WHAT THIS TASK INVOLVES:
Each line of the data below goes into the copy exactly; pictures do not.

[Image-backed grounding data]
___

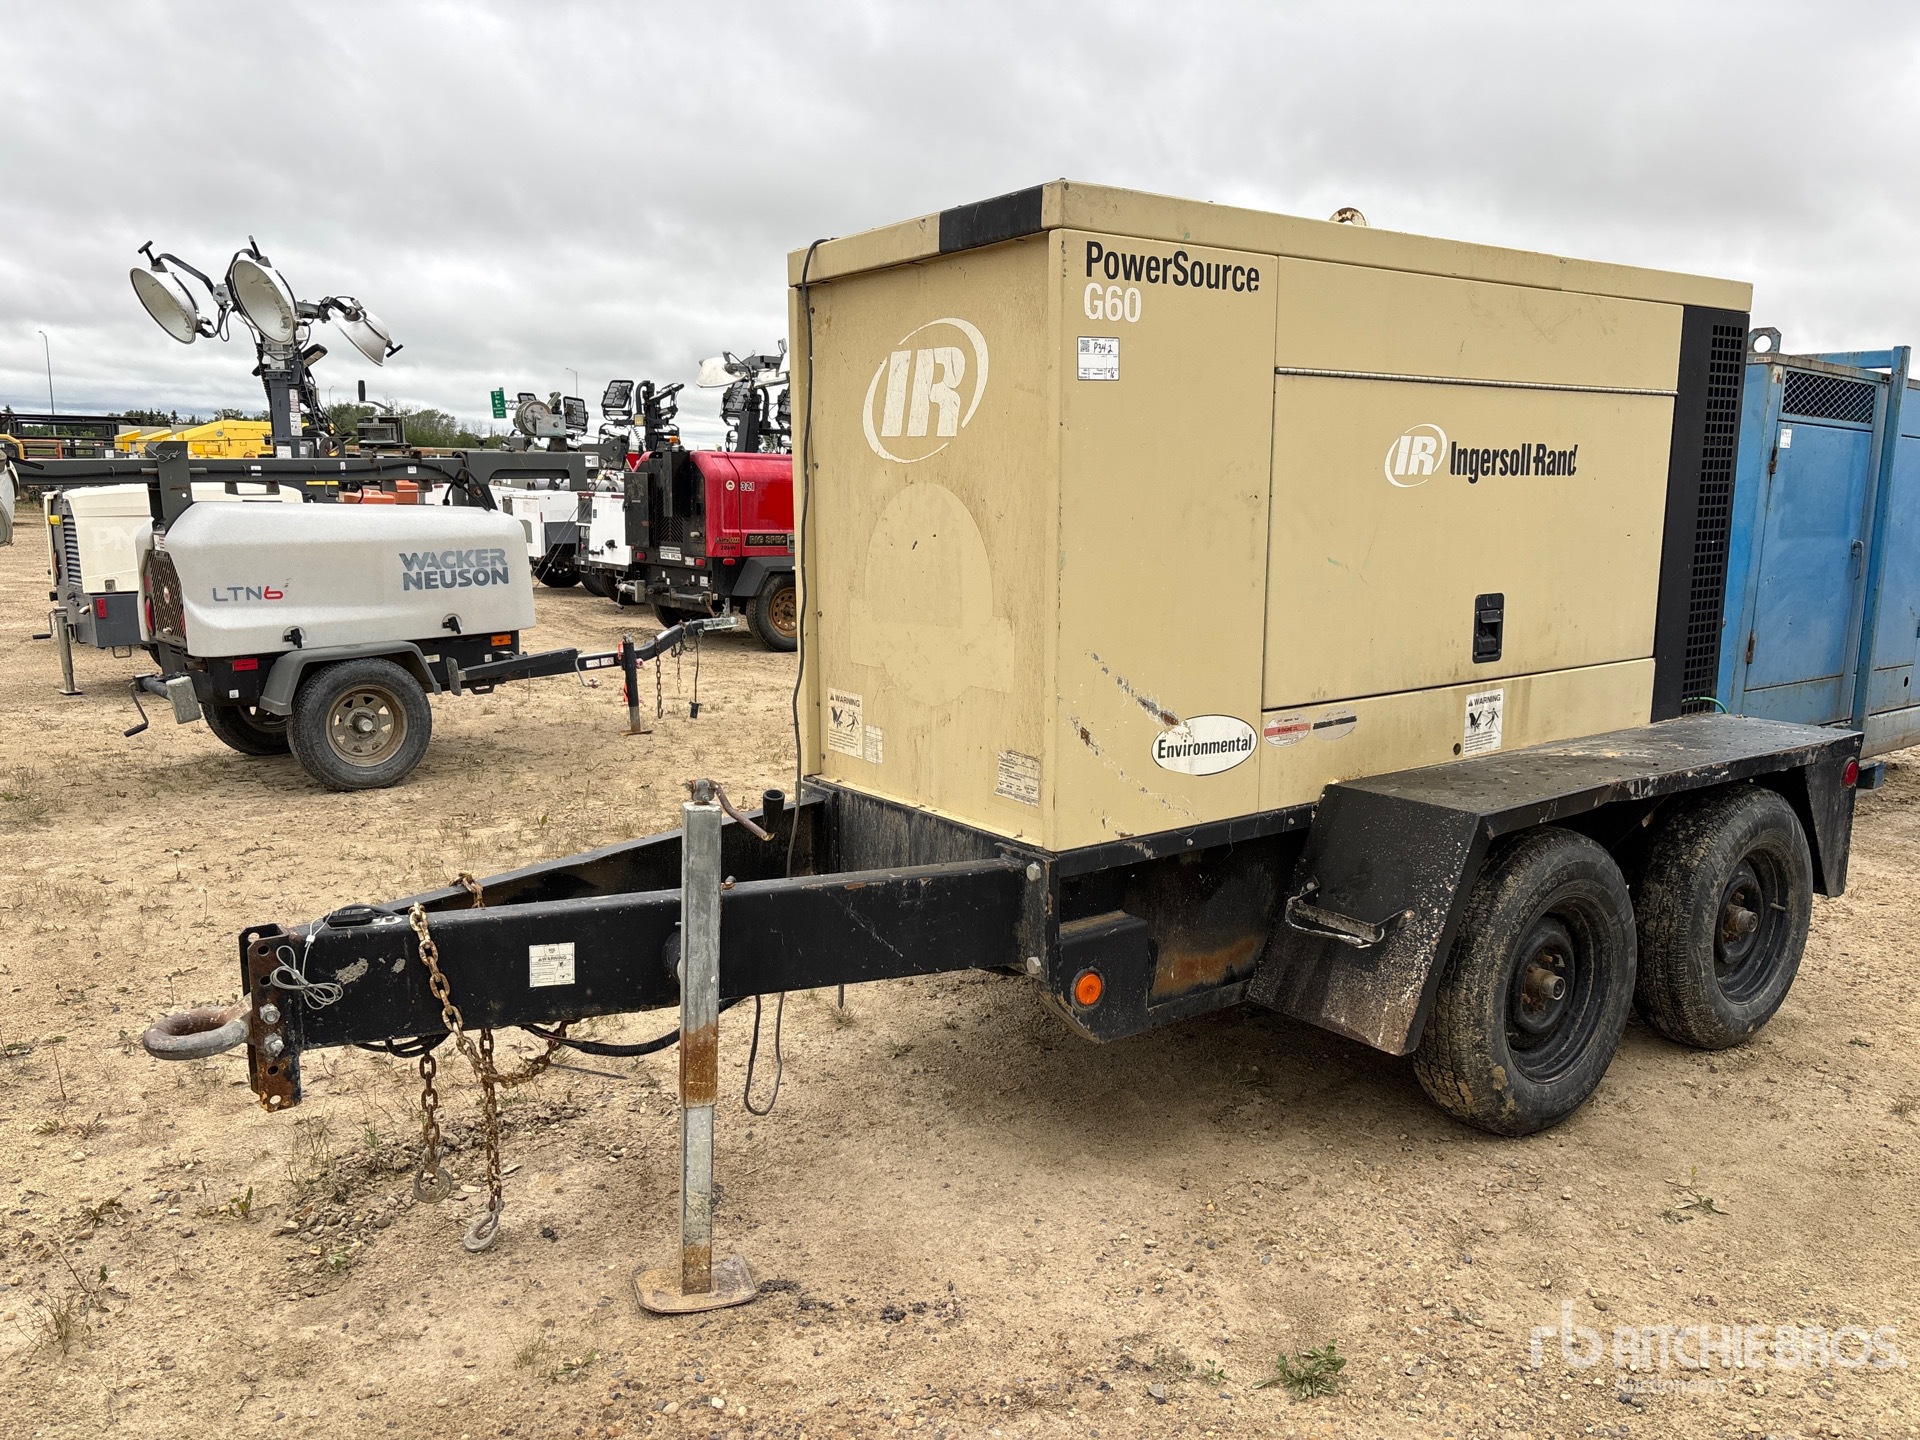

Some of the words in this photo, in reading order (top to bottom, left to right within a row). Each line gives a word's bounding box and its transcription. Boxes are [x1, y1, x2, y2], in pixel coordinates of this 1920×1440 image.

[1086, 241, 1260, 293] PowerSource
[1083, 282, 1142, 323] G60
[881, 347, 967, 438] IR
[1394, 435, 1438, 476] IR
[740, 481, 755, 492] 321
[399, 548, 508, 572] WACKER
[402, 566, 509, 591] NEUSON
[212, 585, 284, 602] LTN6
[835, 694, 861, 708] WARNING
[1474, 694, 1502, 706] WARNING
[1157, 733, 1252, 759] Environmental
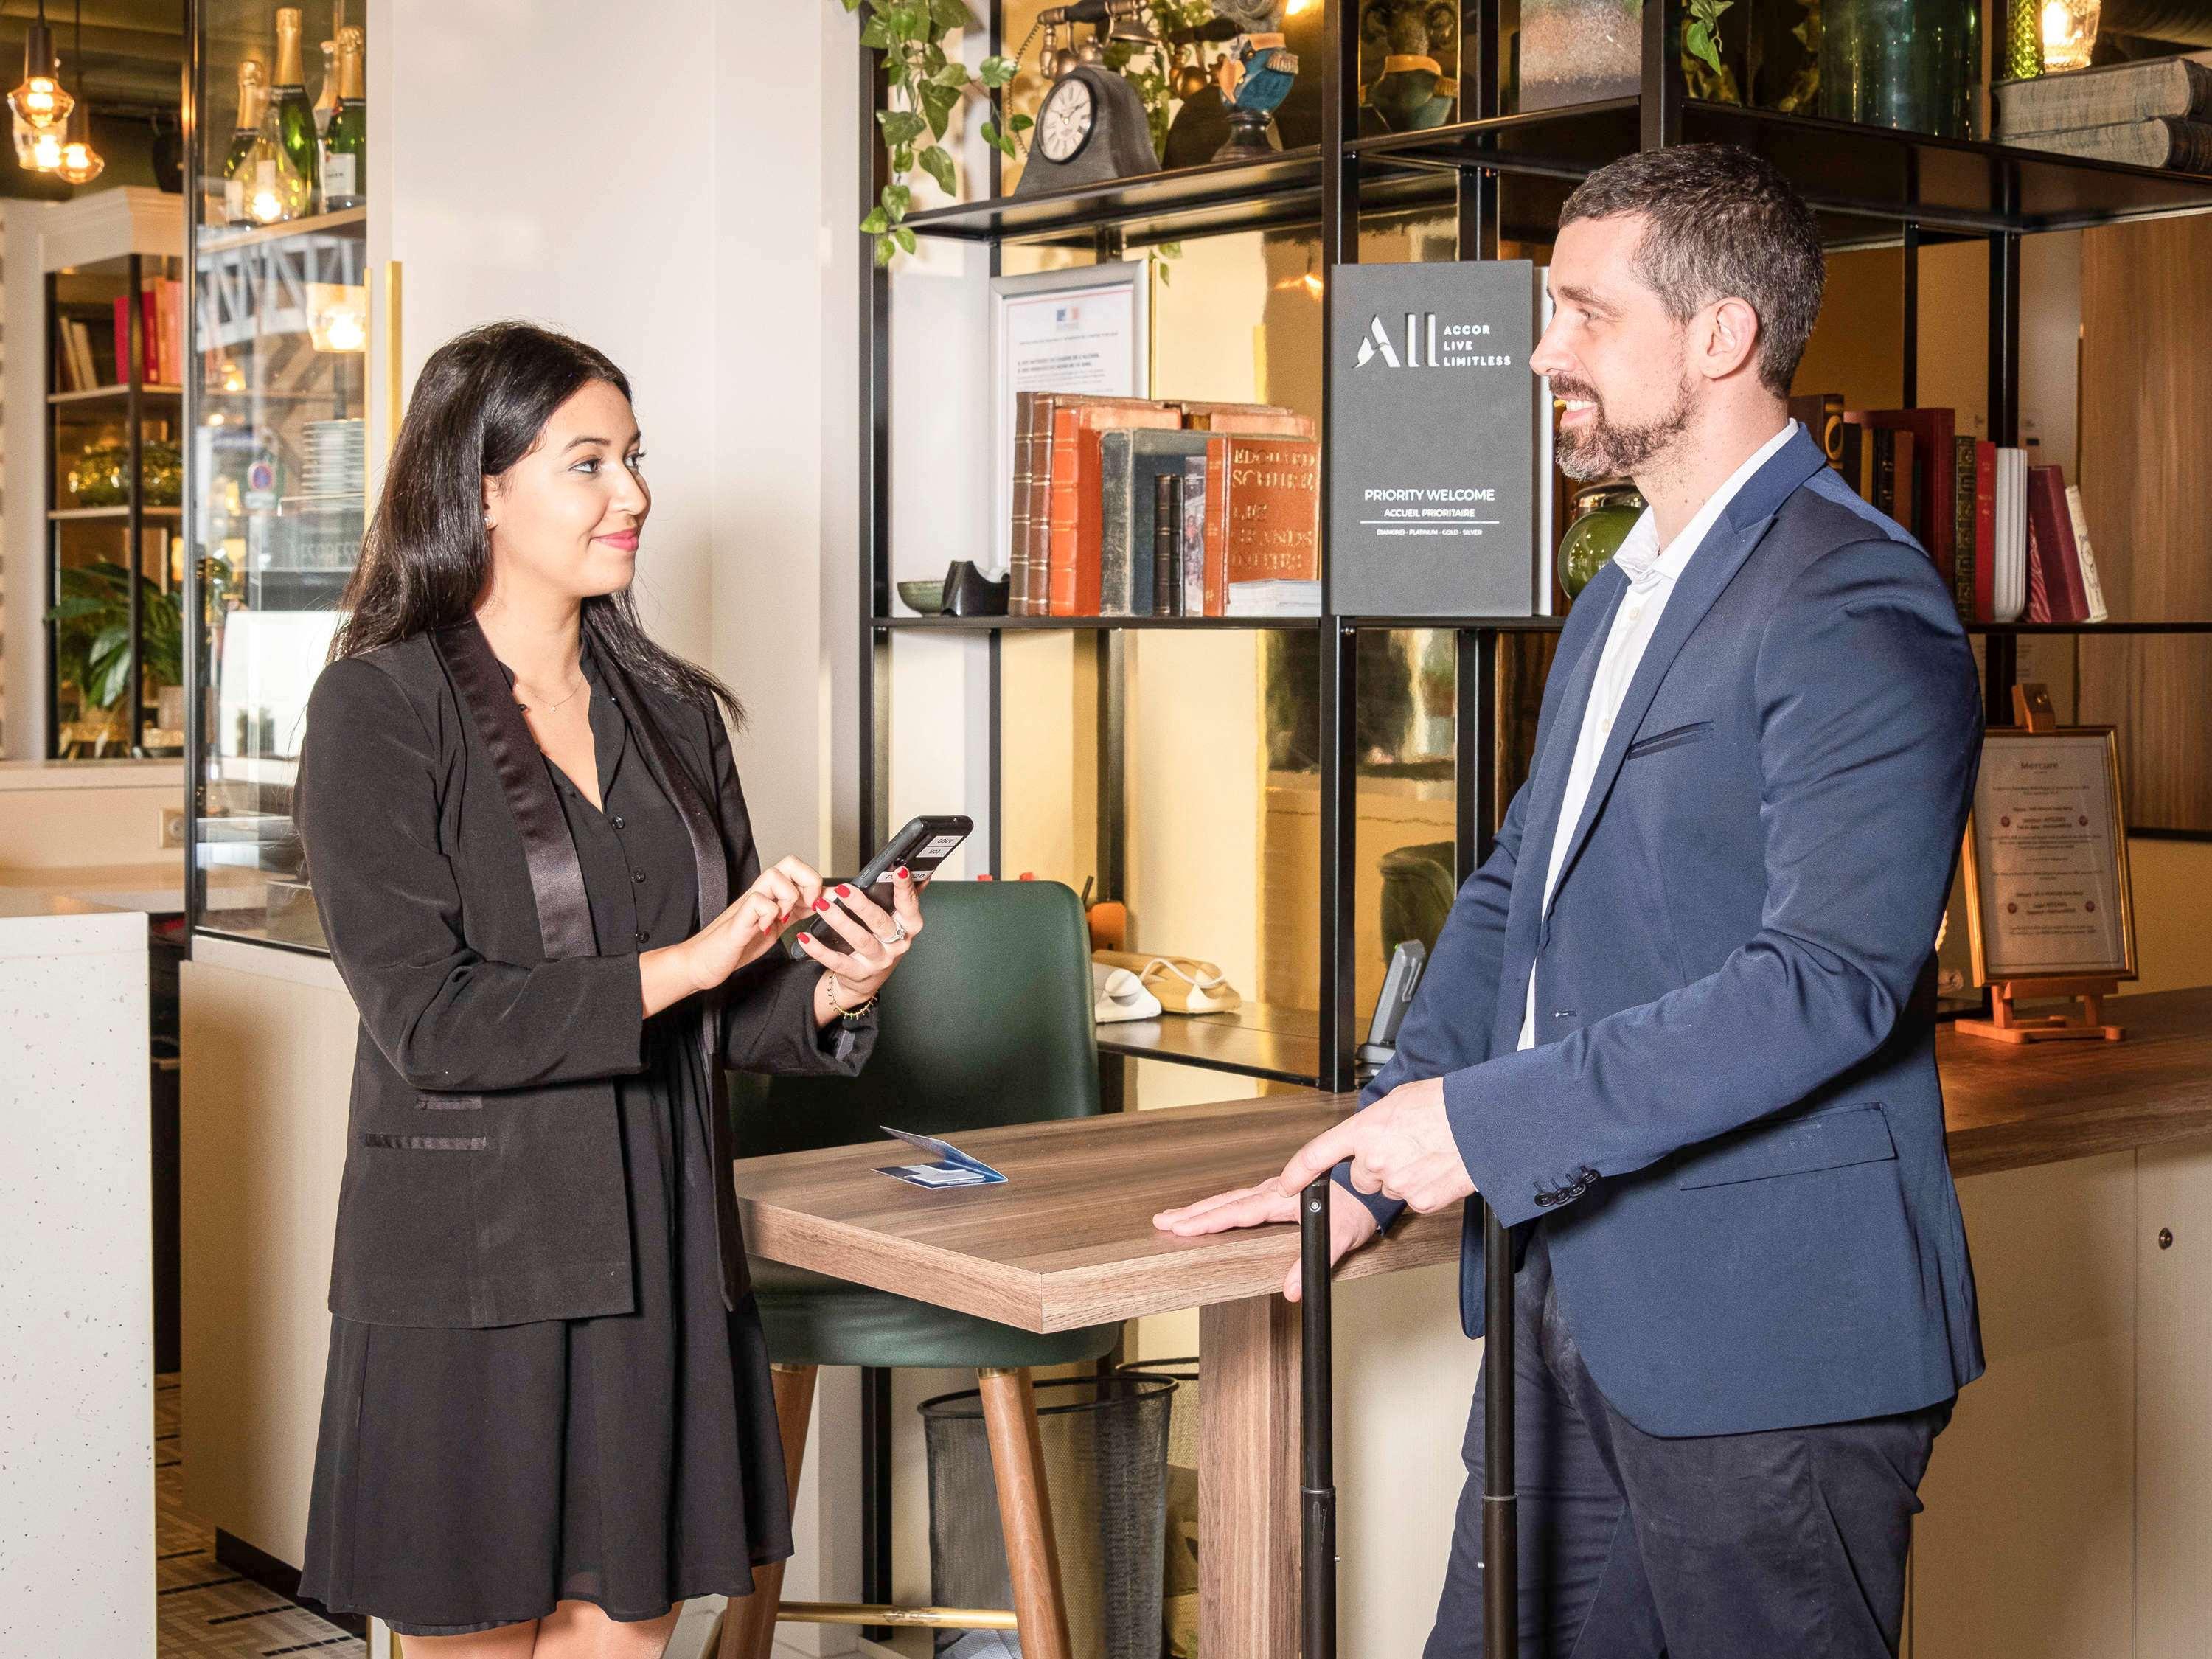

___

SOLUTION FOR THIS TASK:
Some of the words in this photo, in reading order (top to bottom, left to right within a row). Each line gives a word's bounding box and its transcription. Boxes are [x1, y1, x2, y2], in pixel coordinates of this 1920×1440 image.

[1086, 241, 1260, 293] PowerSource
[1083, 282, 1142, 323] G60
[881, 347, 967, 438] IR
[1394, 435, 1438, 476] IR
[740, 481, 755, 492] 321
[399, 548, 508, 572] WACKER
[402, 566, 509, 591] NEUSON
[212, 585, 284, 602] LTN6
[835, 694, 861, 708] WARNING
[1474, 694, 1502, 706] WARNING
[1157, 733, 1252, 759] Environmental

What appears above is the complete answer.